Cybersecurity concerns lead Kentucky to rebid contract

Concerns about cybersecurity have led the state of Kentucky to extend its search for a company to modernize its pandemic-stressed unemployment insurance system, Gov. Andy Beshear’s administration said Wednesday.

The need for additional safeguards against hackers means the state will go through a rebidding process, said Jill Midkiff, a spokeswoman for the state Finance and Administration Cabinet.

In doing so, the state will request enhanced security measures to protect the personal and financial information of jobless claimants, she said.

The state is seeking a contract partner to overhaul its outdated technology for processing jobless claims. That search began about 16 months ago, and lawmakers were told last month that the state was in the “latter stages” of selecting a company to revamp the claims-processing system.

But the need to provide enhanced cybersecurity forced the state to cancel the prior solicitation and rebid the contract, Midkiff said Wednesday.

“The procurement was out for bid when Kentucky and most other states were targeted by one of the most sophisticated cyberattacks on our unemployment insurance system in history, which meant that significant additional elements needed to be added to ensure people’s bank accounts, and other information, could not be accessed,” Midkiff said in an email.

For the past year, Republicans have criticized the Democratic governor for the unemployment system’s problems.
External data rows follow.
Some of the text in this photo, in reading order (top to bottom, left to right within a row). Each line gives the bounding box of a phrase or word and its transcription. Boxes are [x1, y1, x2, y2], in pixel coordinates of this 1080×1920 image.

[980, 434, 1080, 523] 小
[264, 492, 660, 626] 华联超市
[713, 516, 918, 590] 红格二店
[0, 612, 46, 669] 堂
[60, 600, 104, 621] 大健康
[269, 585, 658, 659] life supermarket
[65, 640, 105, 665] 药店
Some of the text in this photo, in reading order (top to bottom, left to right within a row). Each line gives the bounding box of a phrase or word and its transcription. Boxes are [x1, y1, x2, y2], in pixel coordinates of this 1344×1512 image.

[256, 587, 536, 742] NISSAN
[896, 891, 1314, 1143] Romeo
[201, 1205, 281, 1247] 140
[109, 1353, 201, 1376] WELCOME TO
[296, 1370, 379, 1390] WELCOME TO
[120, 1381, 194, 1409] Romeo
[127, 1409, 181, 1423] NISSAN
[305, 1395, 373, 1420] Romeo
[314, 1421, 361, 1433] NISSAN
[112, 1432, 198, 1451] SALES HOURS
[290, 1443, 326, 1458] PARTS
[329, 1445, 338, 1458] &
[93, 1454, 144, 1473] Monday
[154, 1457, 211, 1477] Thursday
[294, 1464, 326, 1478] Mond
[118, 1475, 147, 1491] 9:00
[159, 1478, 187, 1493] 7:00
Beshear has pointed to budget and staffing cuts that hobbled the system well before he took office just months before the COVID-19 pandemic hit.
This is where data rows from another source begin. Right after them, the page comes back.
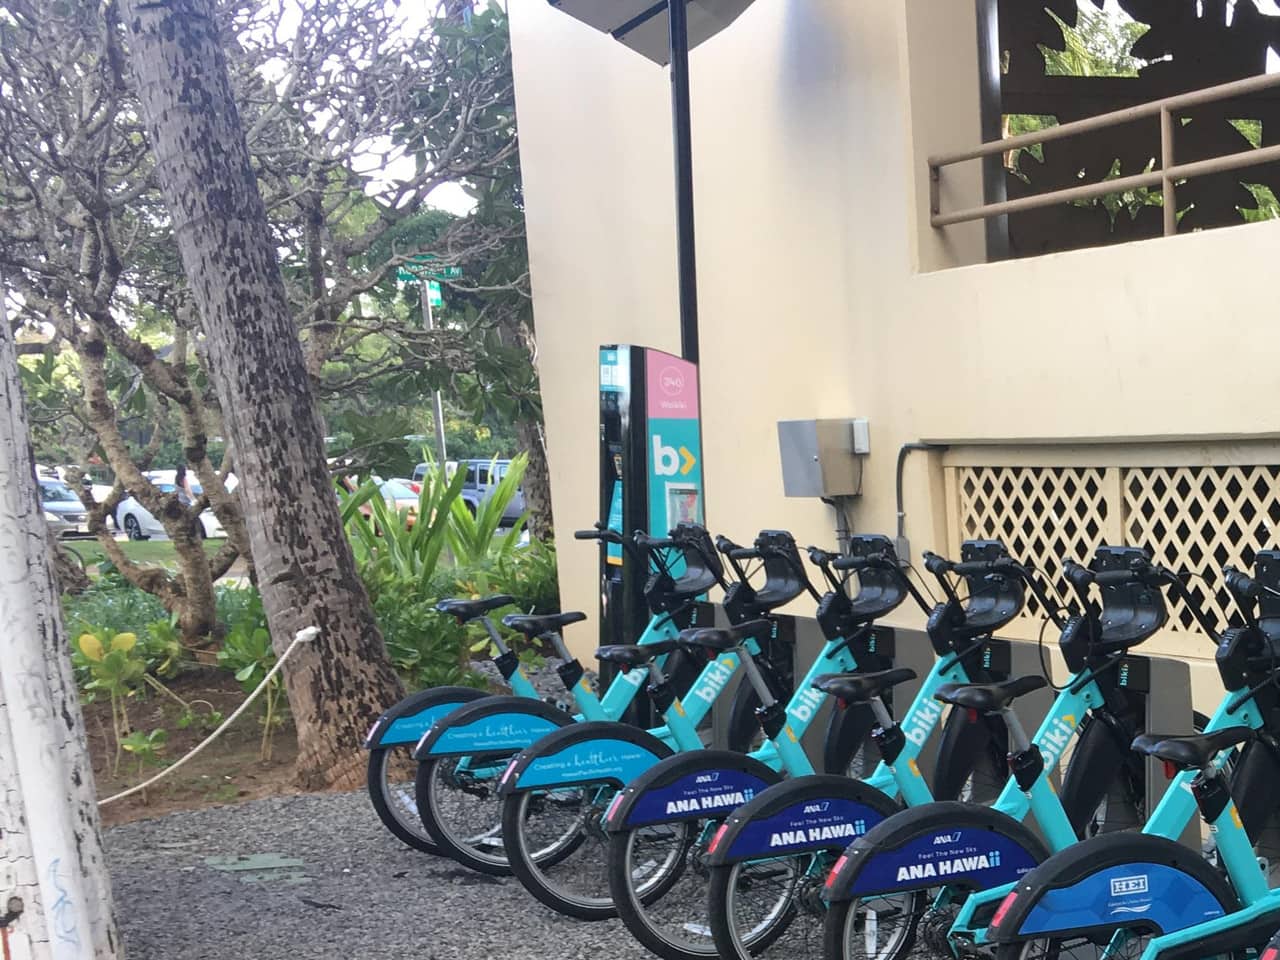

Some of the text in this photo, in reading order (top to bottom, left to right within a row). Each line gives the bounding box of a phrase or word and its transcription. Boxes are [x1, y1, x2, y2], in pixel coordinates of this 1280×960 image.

[694, 661, 731, 704] biki
[789, 688, 827, 723] bik
[904, 697, 942, 747] biki
[695, 775, 712, 783] ANA
[666, 799, 700, 815] ANA
[803, 805, 822, 813] ANA
[770, 829, 808, 847] ANA
[933, 834, 954, 845] ANA
[896, 862, 937, 882] ANA
[1114, 878, 1146, 893] HEI
State lawmakers continue to hear complaints from constituents about the unemployment insurance system, Senate President Pro Tem David Givens, a Republican, said Wednesday.
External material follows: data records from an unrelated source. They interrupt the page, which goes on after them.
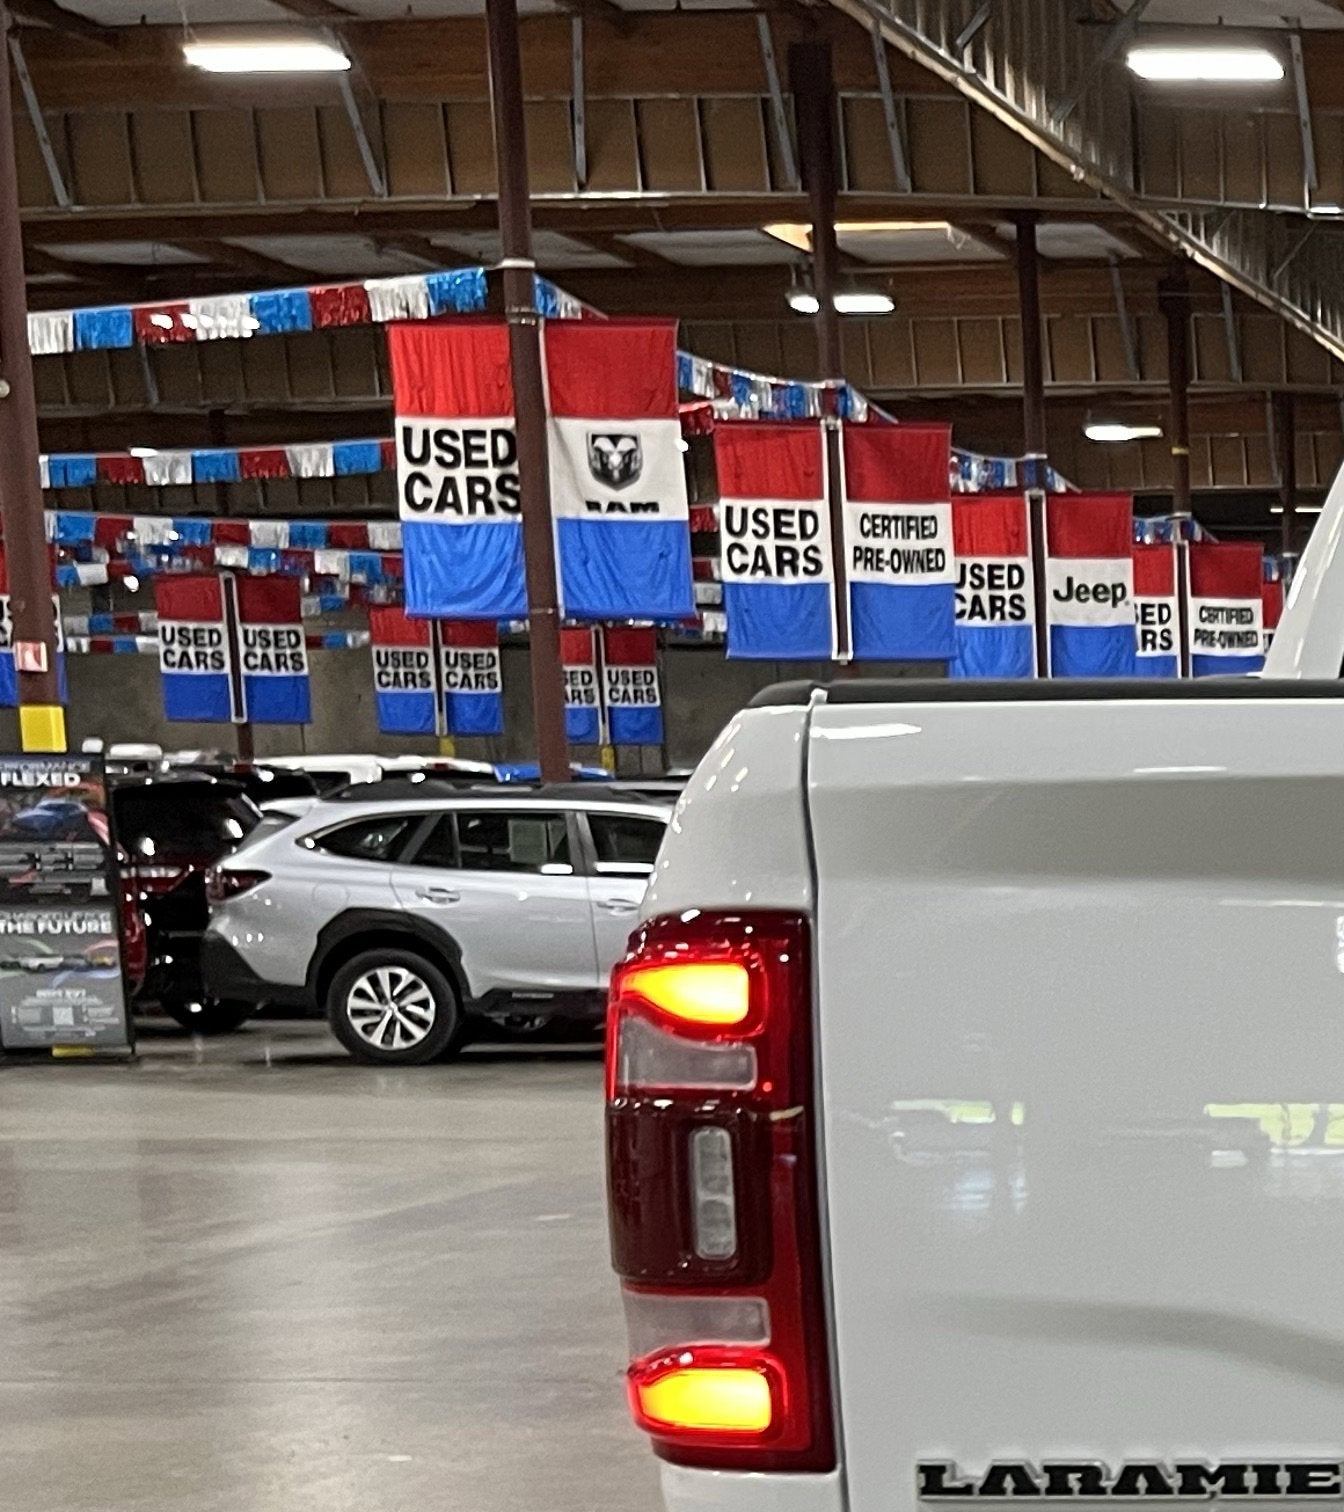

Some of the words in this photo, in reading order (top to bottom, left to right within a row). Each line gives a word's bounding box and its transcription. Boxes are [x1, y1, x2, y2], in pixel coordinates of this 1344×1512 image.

[402, 426, 517, 470] USED
[404, 471, 521, 516] CARS
[585, 501, 660, 513] RAM
[725, 505, 819, 541] USED
[859, 513, 938, 540] CERTIFIED
[726, 542, 823, 577] CARS
[853, 546, 945, 574] PRE-OWNED
[1053, 576, 1127, 608] Jeep
[1134, 603, 1172, 625] ED
[1199, 605, 1254, 625] CERTIFIED
[161, 625, 222, 648] USED
[243, 629, 301, 649] USED
[1137, 628, 1173, 652] RS
[1194, 628, 1259, 649] PRE-OWNED
[163, 649, 225, 671] CARS
[244, 651, 304, 672] CARS
[376, 650, 429, 669] USED
[445, 651, 496, 670] USED
[377, 671, 431, 689] CARS
[445, 671, 498, 690] CARS
[564, 670, 593, 686] ED
[607, 669, 655, 686] USED
[609, 687, 657, 704] CARS
[37, 919, 112, 934] FUTURE
[917, 1460, 1344, 1499] LARAMIE
“If you poll legislators, you’re going to see of all the issues that continue to create the most concern for citizens, call after call after call that we get is still related to UI,” he said in a phone interview.

And now, the contract rebidding — coming weeks after lawmakers were told the state was closing in on selecting a contractor — is another sign that Beshear’s administration can’t break its “pattern of failure” related to unemployment insurance, Givens said.